Like D.I.Y., these social movements reflect the opening up of knowledge for public use and public authorship—the construction of an “information commons.” D.I.Y. relies on access to tools and materials on the one hand, and access to information about how to use them on the other. Computer languages reflect a highly ordered mode of D.I.Y.. A program is a set of instructions: loops, subroutines, if/then/else statements, and so on. Saul Griffith, creator of Howtoons, argues that all forms of physical making are, at bottom, “programmable.” A recipe is a unique string of generic “subroutines” (sautéing, frying, chopping) applied to particular ingredients (chicken, fish, onions). Digital designer Golan Levin argues, “If writing is a medium of thought, then software is an agent of will,” a set of actions performed on the physical world. The popular interest in arts and crafts (expressed by Readymade) and the parallel play with digital tools and programming (voiced in Make) stem from a common instinct: to produce things via transparent forms of mental and physical knowledge: knit one, purl two; for i data, perform x function.
Most commercial software is packaged inside an interface that hides its command language from users. Benjamin Fry and Casey Reas are the creators of Processing, an open-source programming language made for students, artists, designers, architects, researchers, and hobbyists. Processing is a tool, a social space, and an educational resource that is being creatively deployed by people all around the world. Processing builds on the work of John Maeda, Fry’s and Reas’s teacher at the MIT Media Lab. Maeda’s book Design by Numbers pioneered the use of computer languages as an educational tool—a tool intended to open up public understanding of how things work in the digital age, running counter to centuries of increasing specialization and intellectual protectionism in the arts and sciences. [Processing: snapshot of Casey Reas teaching]
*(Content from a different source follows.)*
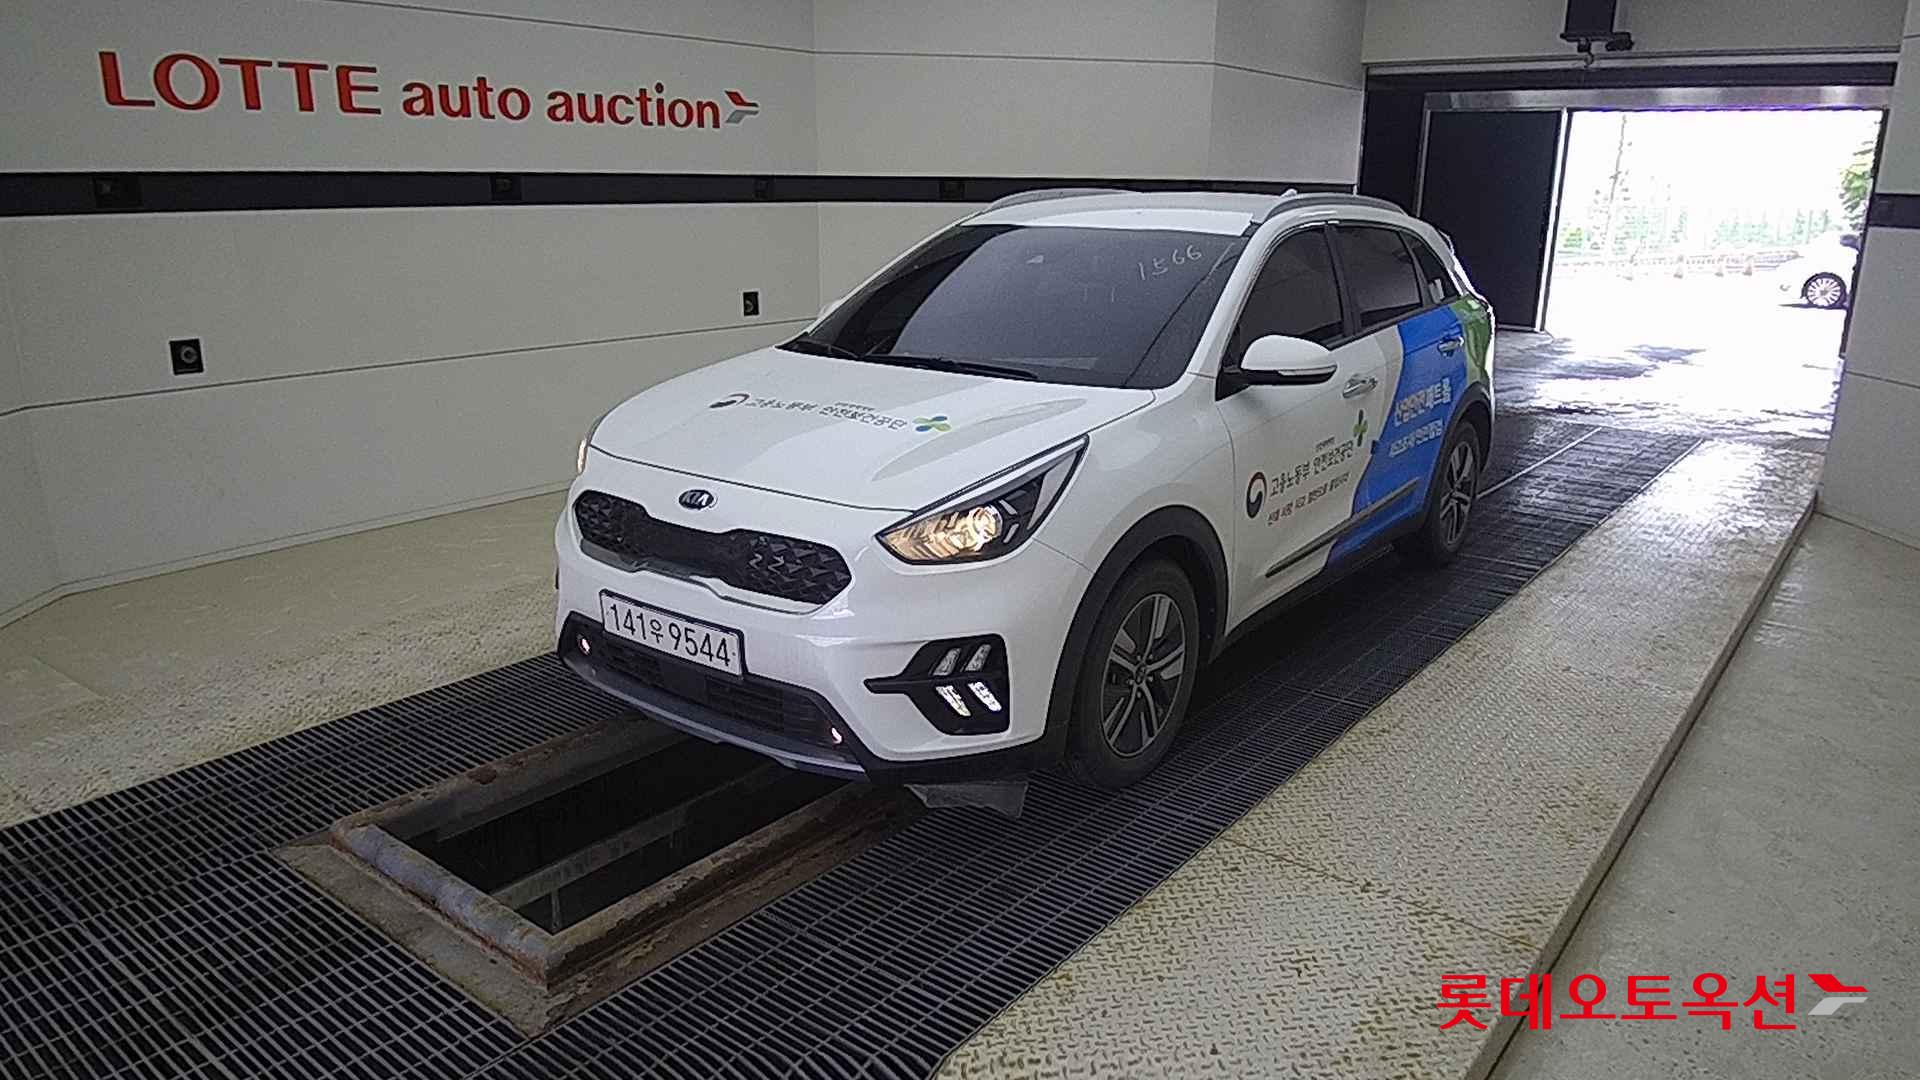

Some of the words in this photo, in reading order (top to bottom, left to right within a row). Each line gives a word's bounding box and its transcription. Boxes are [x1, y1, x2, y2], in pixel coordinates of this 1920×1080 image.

The impulse to expand our knowledge of digital tools drives designers using commercial software as well. Joshua Davis is called the “guru” of Flash, the widely-used application for Web design and animation. Flash is an accessible commercial product that nearly anyone—from kids to professional designers—can learn to implement with some degree of facility. Davis, however, like other high-functioning Flash designers, has mastered this standard-issue software from the inside out, using the program’s custom scripting language to construct complex interfaces and interactive digital environments. Not interested in keeping his working methods a secret, Davis writes books about Flash coding and conducts frequent seminars and workshops.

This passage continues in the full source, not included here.